Produce a word-for-word copy of the data below.

◆ Saved data entries ◆
══════════
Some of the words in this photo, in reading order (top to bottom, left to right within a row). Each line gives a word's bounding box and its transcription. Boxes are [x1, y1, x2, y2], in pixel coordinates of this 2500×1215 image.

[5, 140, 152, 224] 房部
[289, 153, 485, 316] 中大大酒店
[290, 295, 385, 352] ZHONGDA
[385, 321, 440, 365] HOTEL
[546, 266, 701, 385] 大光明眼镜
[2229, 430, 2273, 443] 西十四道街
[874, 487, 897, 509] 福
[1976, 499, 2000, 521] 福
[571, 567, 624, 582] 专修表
══════════
◆ Answer box ◆
Some of the words in this photo, in reading order (top to bottom, left to right within a row). Each line gives a word's bounding box and its transcription. Boxes are [x1, y1, x2, y2], in pixel coordinates of this 2500×1215 image.

[5, 140, 152, 224] 房部
[289, 153, 485, 316] 中大大酒店
[290, 295, 385, 352] ZHONGDA
[385, 321, 440, 365] HOTEL
[546, 266, 701, 385] 大光明眼镜
[2229, 430, 2273, 443] 西十四道街
[874, 487, 897, 509] 福
[1976, 499, 2000, 521] 福
[571, 567, 624, 582] 专修表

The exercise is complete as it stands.